[WHAT THIS TASK INVOLVES]
Reproduce exactly the final portion of the data: every line from the one containing "this 1333×2000 image." through the last line, inclusive.

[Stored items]
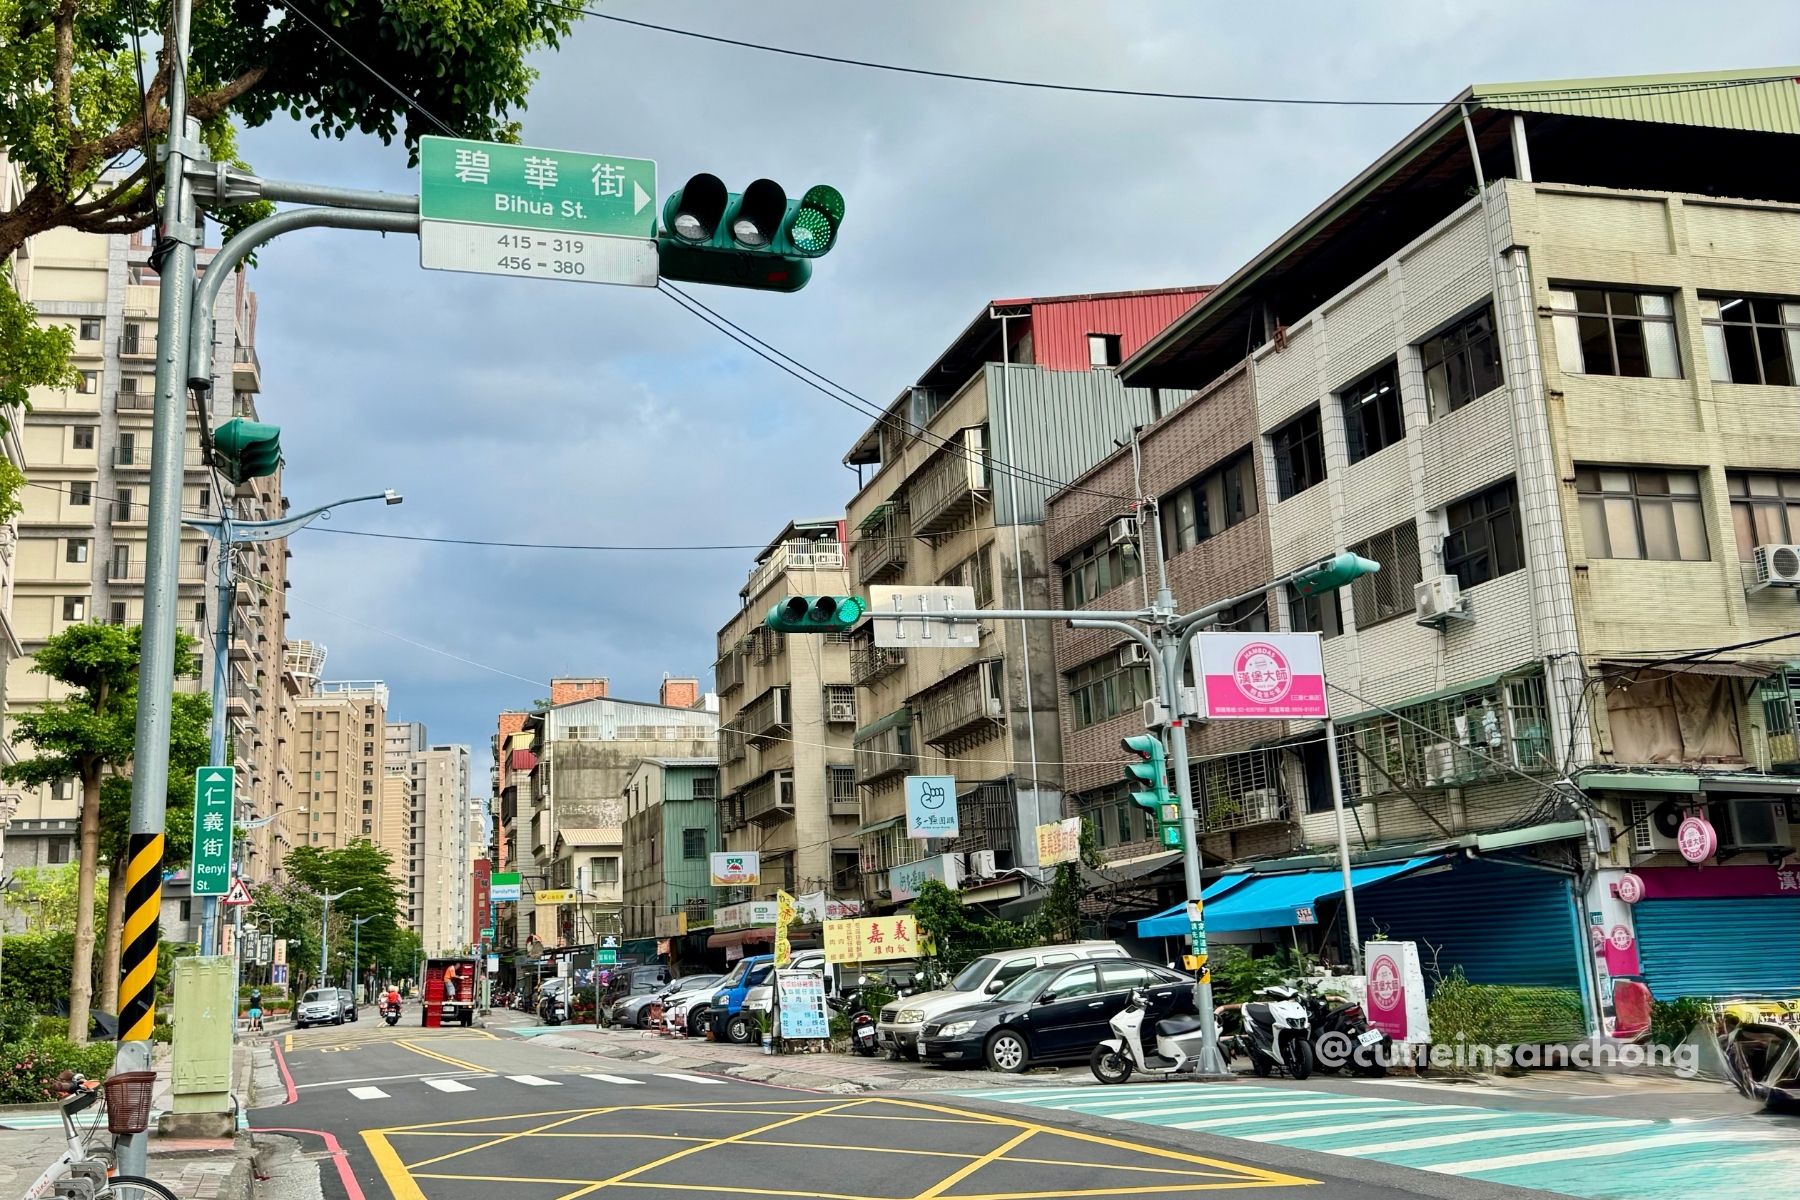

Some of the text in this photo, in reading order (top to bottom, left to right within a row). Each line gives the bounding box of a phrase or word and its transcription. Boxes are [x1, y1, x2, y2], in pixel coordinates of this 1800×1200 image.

[455, 149, 625, 198] 碧華街
[495, 193, 588, 219] Bihua St.
[1238, 669, 1289, 685] 漢堡大師
[202, 786, 226, 858] 仁義街
[197, 863, 226, 876] Renyi
[196, 880, 210, 891] St.
[867, 920, 910, 944] 嘉義
[874, 944, 907, 955] 雞肉飯
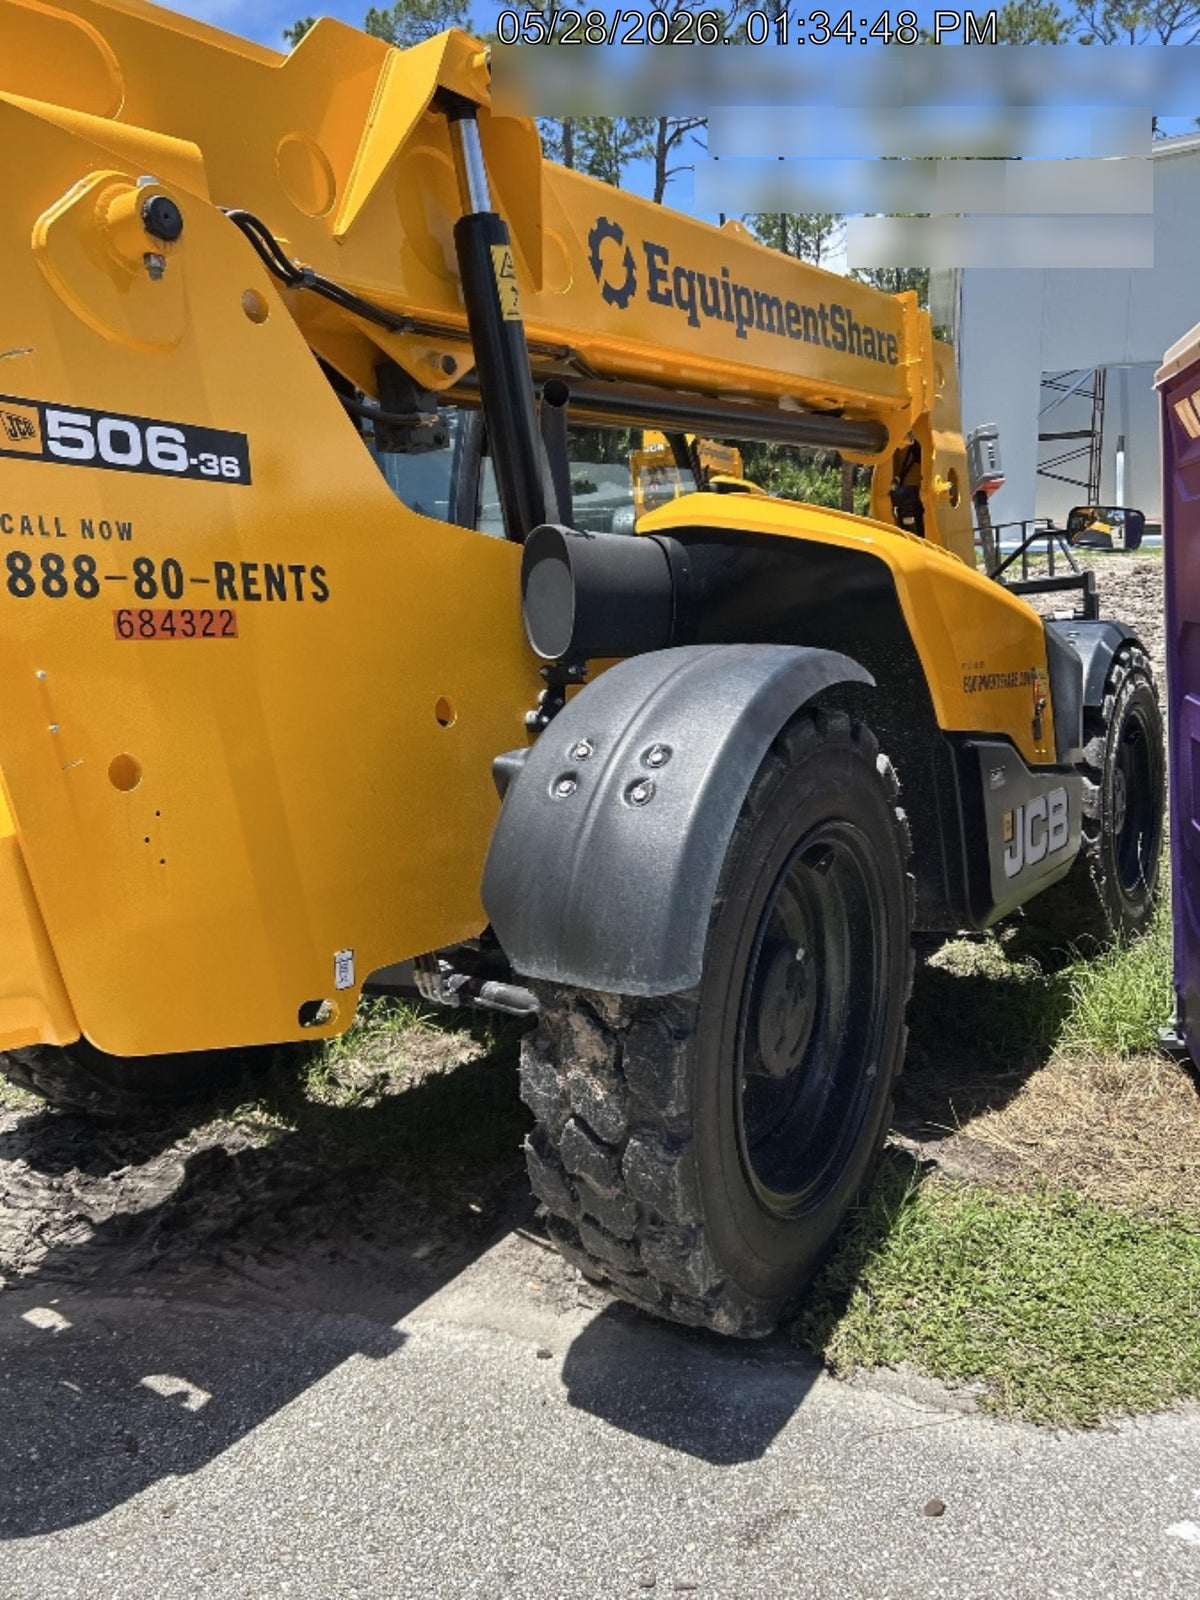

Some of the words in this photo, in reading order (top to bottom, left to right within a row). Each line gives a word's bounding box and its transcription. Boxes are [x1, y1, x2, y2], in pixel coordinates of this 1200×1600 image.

[642, 240, 900, 365] EquipmentShare
[0, 514, 67, 538] CALL
[80, 518, 133, 541] NOW
[6, 551, 330, 603] 888-80-RENTS
[116, 609, 236, 638] 684322
[1003, 786, 1069, 878] JCB
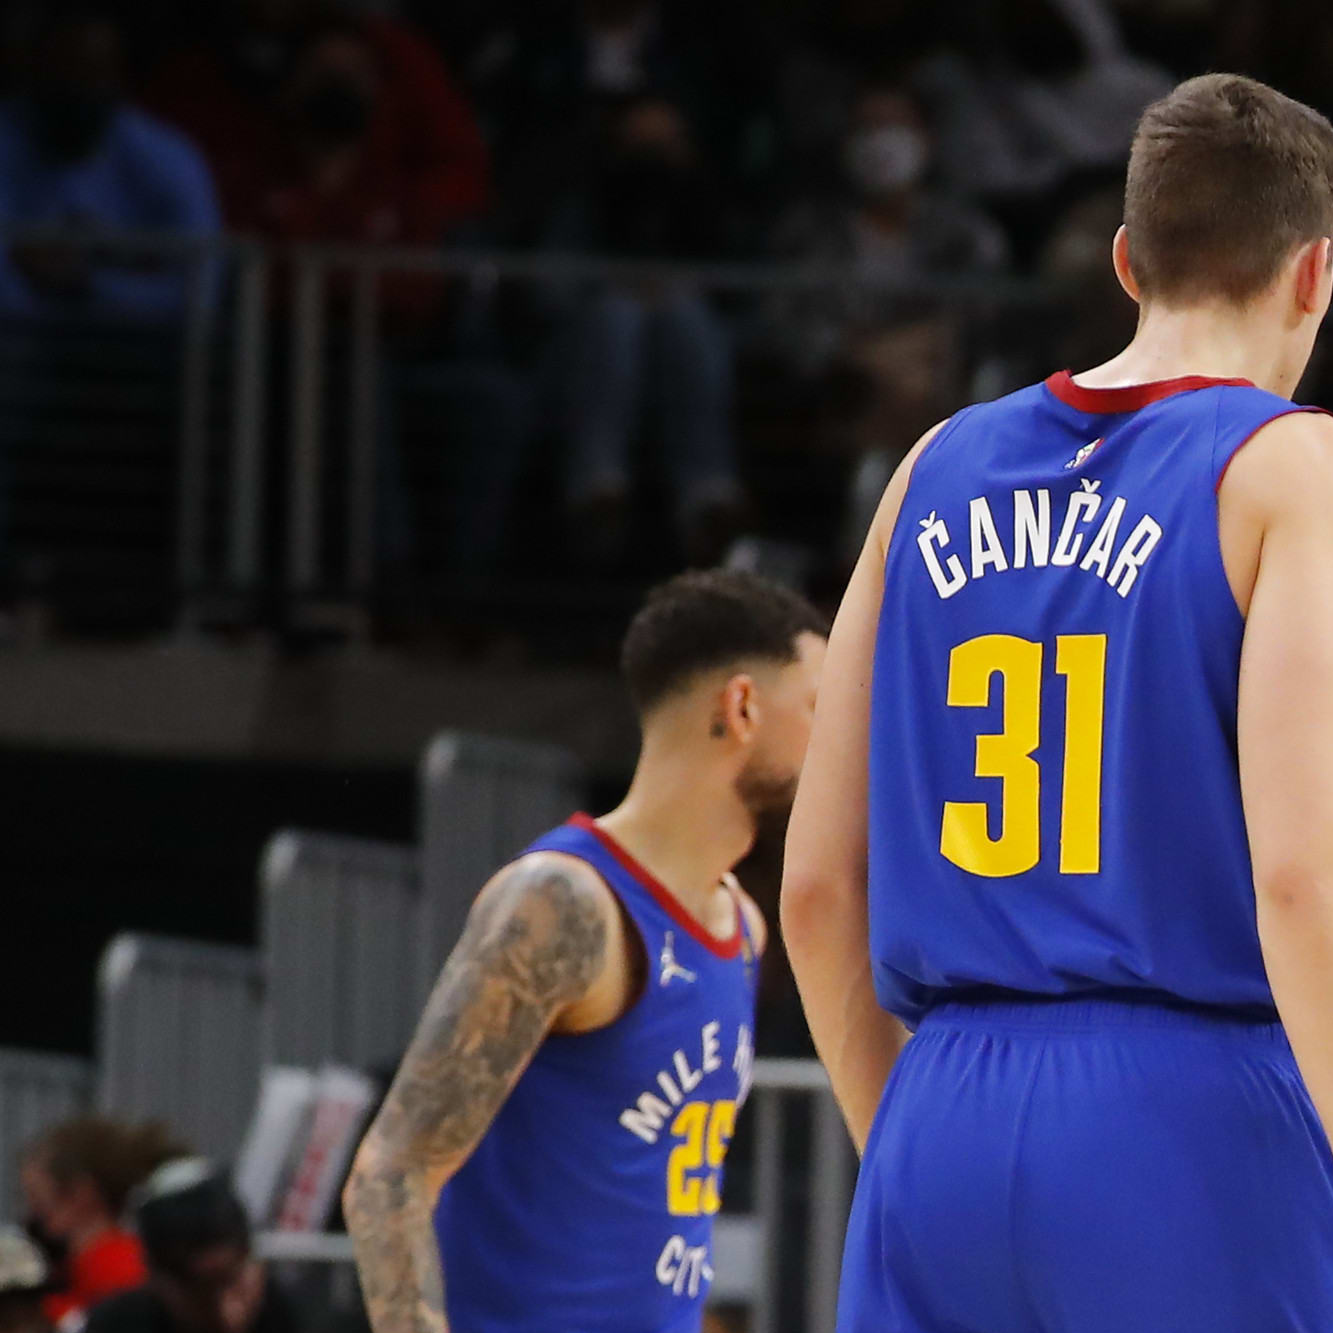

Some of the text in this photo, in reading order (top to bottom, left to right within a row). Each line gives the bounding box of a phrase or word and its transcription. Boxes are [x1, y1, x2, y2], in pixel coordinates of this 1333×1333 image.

[916, 478, 1163, 599] ČANČAR
[940, 634, 1107, 878] 31
[619, 1020, 722, 1145] MILE
[655, 1234, 714, 1299] CIT
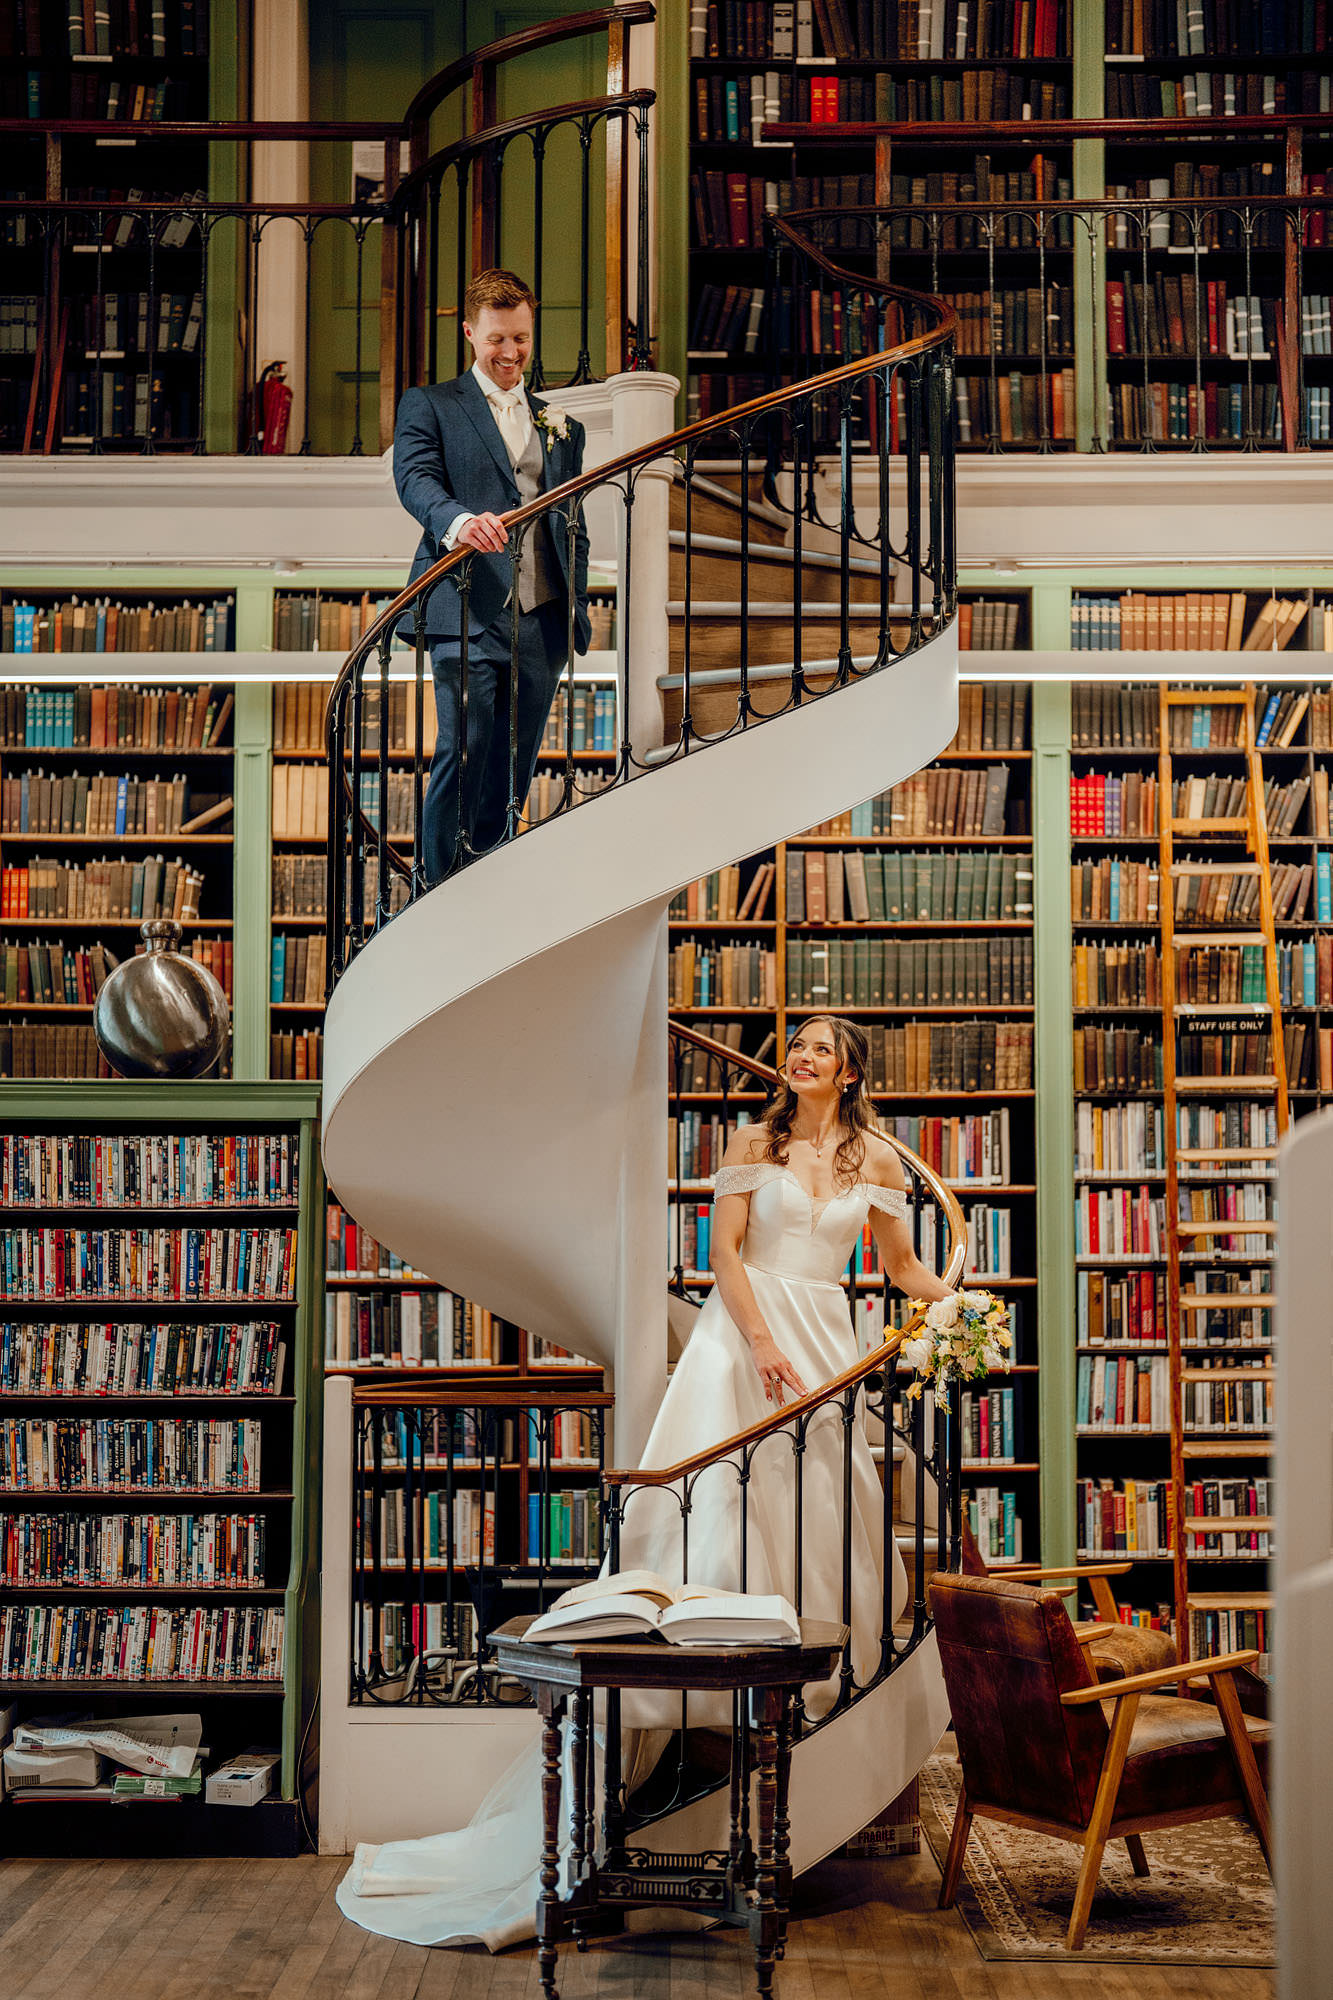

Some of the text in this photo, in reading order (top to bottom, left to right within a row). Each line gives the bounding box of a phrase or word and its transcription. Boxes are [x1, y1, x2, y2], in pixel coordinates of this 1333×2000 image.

[1188, 1020, 1264, 1031] STAFF USE ONLY

[RESULT OF THE TASK]
Some of the text in this photo, in reading order (top to bottom, left to right within a row). Each line gives the bounding box of a phrase or word and its transcription. Boxes are [x1, y1, x2, y2], in pixel coordinates of this 1333×2000 image.

[1188, 1020, 1264, 1031] STAFF USE ONLY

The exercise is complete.